Nodding Syndrome is an epileptic epidemic that was first identified in the Mahenge Mountains of Tanzania (WHO, 2012). This discovery was made by a young Norwegian physician named Louise Jilek-Aall in 1960s. Dr Jilek-Aall was a physician specializing in neurology with a focus on epilepsy, and to this day she continues her efforts as a professor emeriti at the University of British Columbia in Vancouver. (Williams, 2012)
Dr Julek-Aall had noticed there was a concerning demographic arising within the patient population she was treating at the Mahenge Epilepsy Clinic. This sub-group all shared a unique trait. The symptomatology began with the child losing muscle tone of the neck leading to a distinct dropping forward or “nodding” of the head. Consciousness would be impaired at times, and these episodes of repetitive “nodding” would last anywhere from 2 minutes to 2 hours, then be followed by a drowsing post-ictal phase, normally seen after a patient has a seizure (Winkler, et al., 2008). This nodding was in fact discovered to be a form of seizure (WHO, 2012) and these children, when left untreated, would have on average 20+ episodes of nodding a month. (Winkler, et al., 2008)
This would be the beginning of the health decline these children would experience. Nodding Syndrome has a variety of affects on the continuum of health.

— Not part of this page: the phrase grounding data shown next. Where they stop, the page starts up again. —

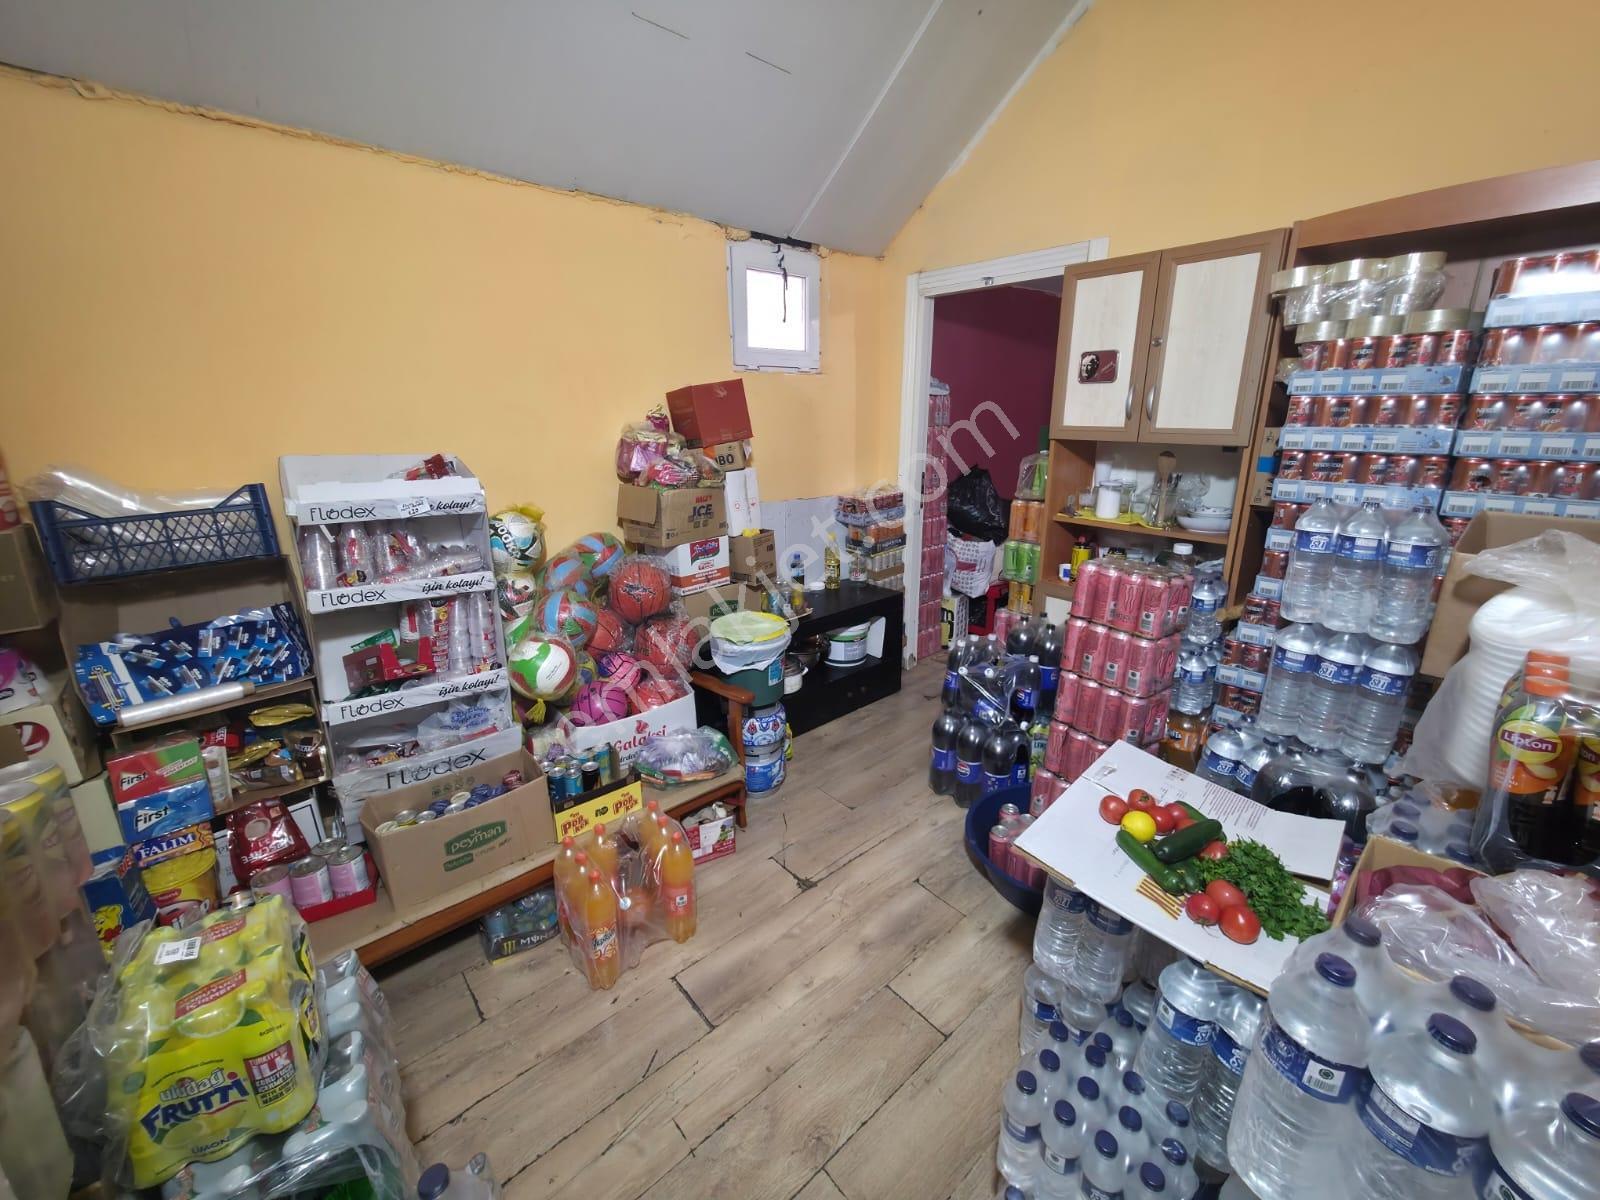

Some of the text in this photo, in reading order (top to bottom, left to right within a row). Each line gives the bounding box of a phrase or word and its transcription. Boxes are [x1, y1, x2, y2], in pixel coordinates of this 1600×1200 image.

[1503, 731, 1553, 751] Lipton
[119, 771, 148, 788] First
[135, 806, 170, 827] First
[140, 833, 195, 858] FALIM
[451, 826, 502, 853] peyman

It begins with a focal “nodding” seizure then progresses into a permanent cognitive decline leading to mental retardation (Winkler, et al., 2008) accompanied by drooling, malnutrition, stunted growth and wasting (WHO, 2012). What is more concerning is that head nodding for many can develop into more severe and potentially violent partial and generalized seizures. Anti-seizure medication is not always effective in controlling them (Winkler, et al., 2008) and these uncontrolled seizures commonly lead to injuries as the children fall to the ground or in campfires. (Donnelly, 2012)

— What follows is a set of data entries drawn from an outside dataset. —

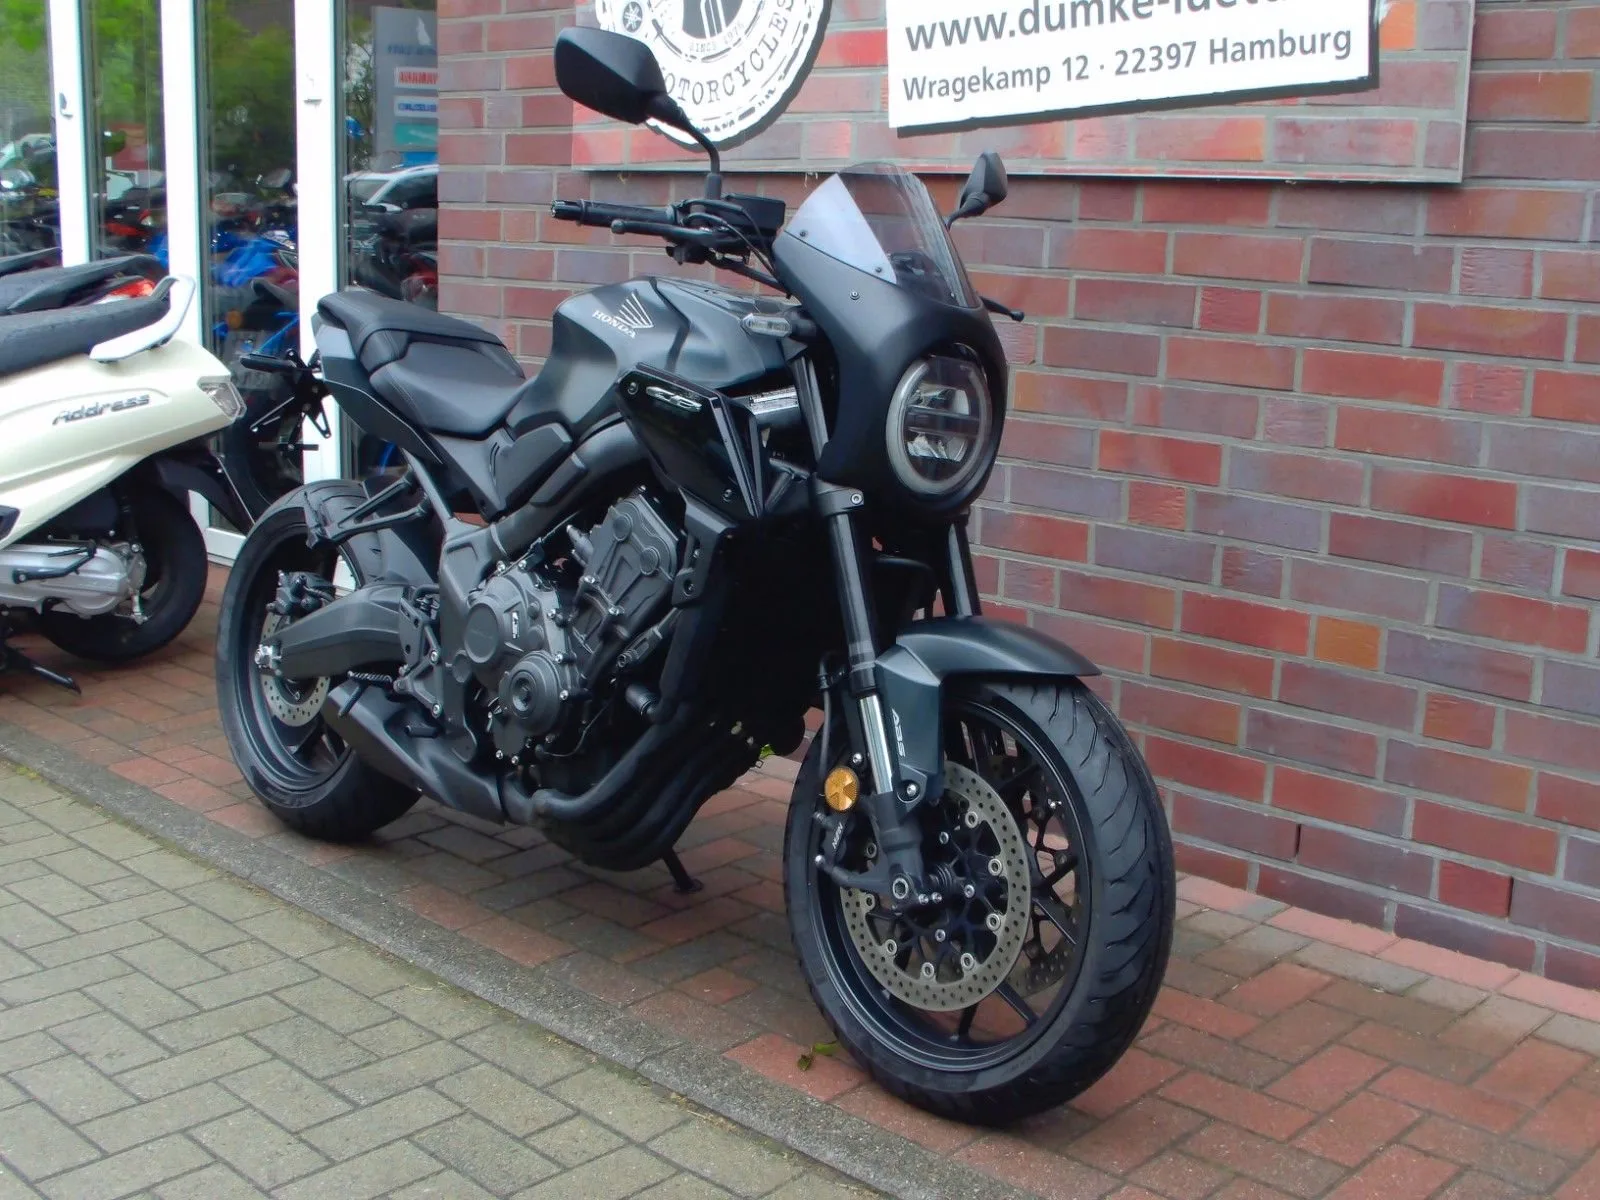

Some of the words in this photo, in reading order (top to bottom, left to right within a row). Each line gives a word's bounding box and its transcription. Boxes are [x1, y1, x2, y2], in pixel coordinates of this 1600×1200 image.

[662, 0, 795, 106] OTORCYCLES
[902, 65, 1051, 102] Wragekamp
[1062, 55, 1089, 81] 12
[1114, 41, 1197, 75] 22397
[1209, 29, 1352, 65] Hamburg
[592, 310, 636, 338] HONDA
[52, 394, 150, 425] Address

The majority of the children affected by Nodding Syndrome (NS) are diagnosed between 5-15 years of age. (Reik, et al., 2012) The fatal course of this syndrome is a long one, taking years to end in the final result of permanent psychological and physical dependence on caregivers. The majority of the time, children do not die from the disease but the secondary symptoms. The majority of documented cases of death resulted from seizure-related accidents, drowning and burns. (Donnelly, 2012)

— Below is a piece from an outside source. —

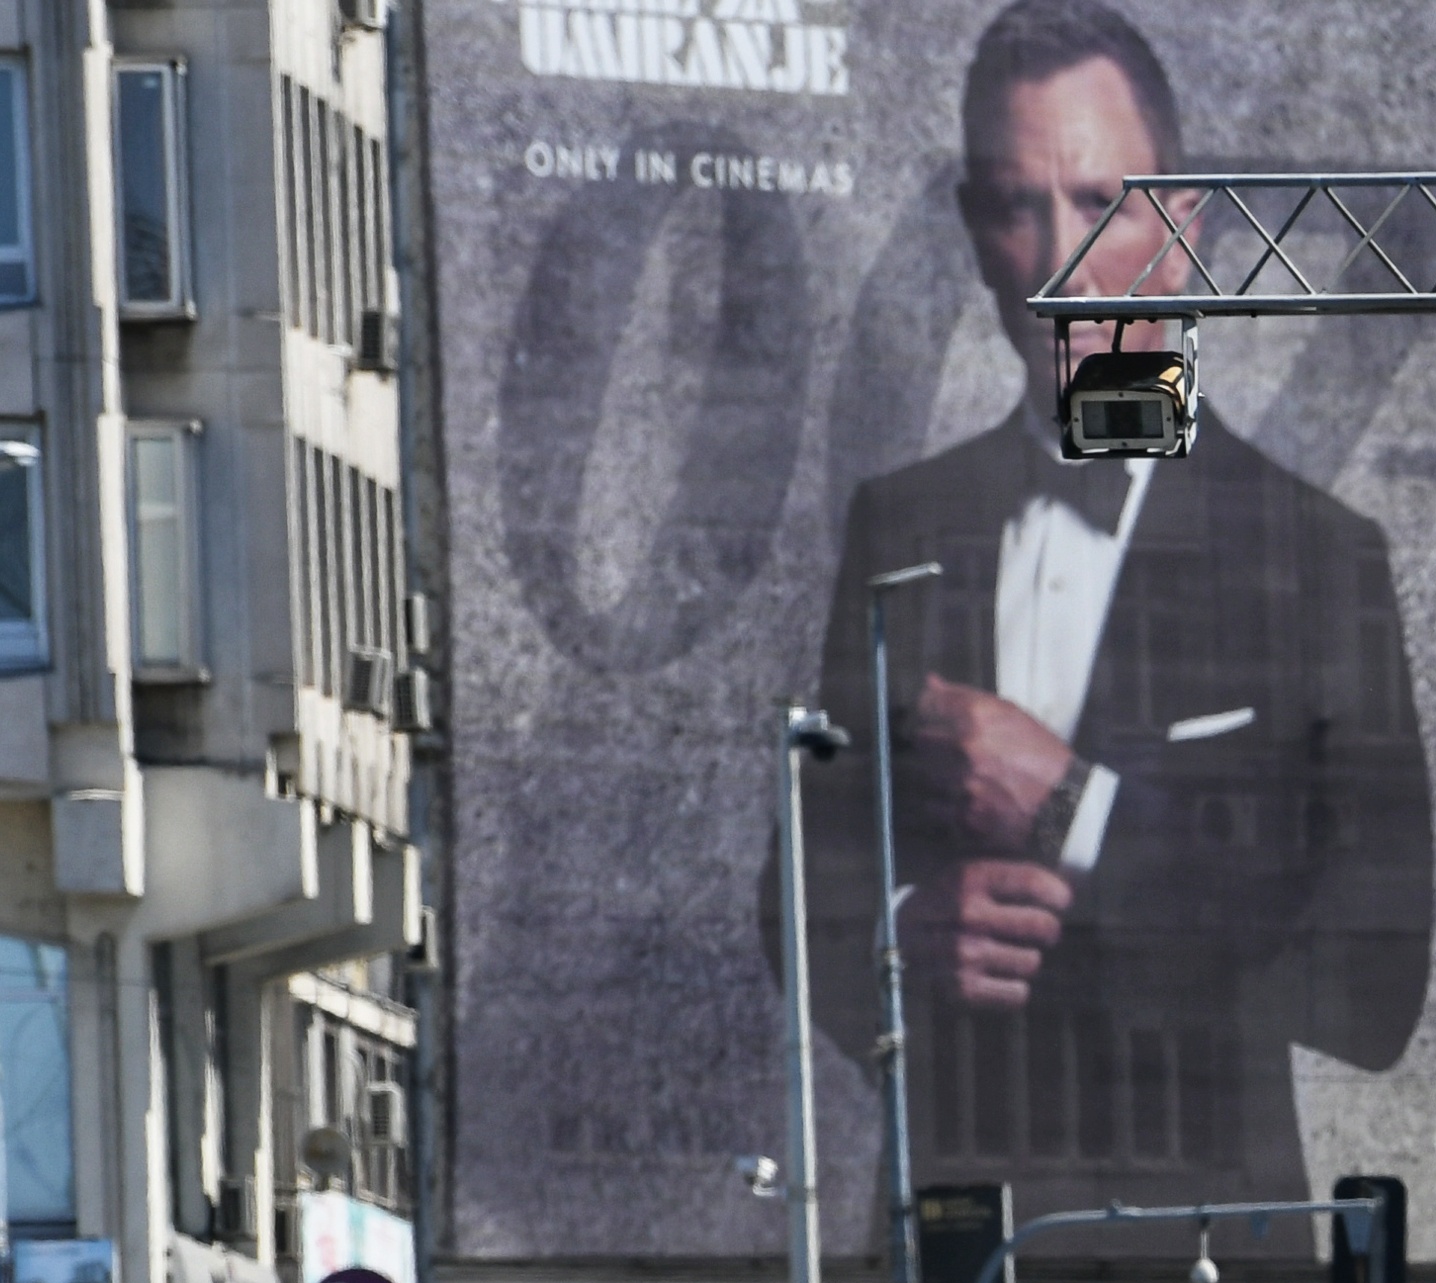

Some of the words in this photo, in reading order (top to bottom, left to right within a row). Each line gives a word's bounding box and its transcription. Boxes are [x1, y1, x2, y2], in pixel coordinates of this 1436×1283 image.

To date there is no known cause or cure. (Reik, et al., 2012) Scientists have found there exists a significant association of the syndrome involving Onchocerciasis, a parasitic disease caused by the filarial worm, also known as River Blindness. However, this association does not necessarily imply a causative relationship. (Williams, 2012)Finally the greatest focus of concern is that the numbers of children seen affected by this syndrome is growing (WHO, 2012). Dr Julek-Aall discovered it in Tanzania in the 1960s, then it was found in South Sudan in the 1990s, then in Northern Uganda in 2003, and as of the summer of 2013 there are approximately 10,000 children afflicted between the three countries with over 3,000 of them residing in Northern Uganda (WHO, 2012).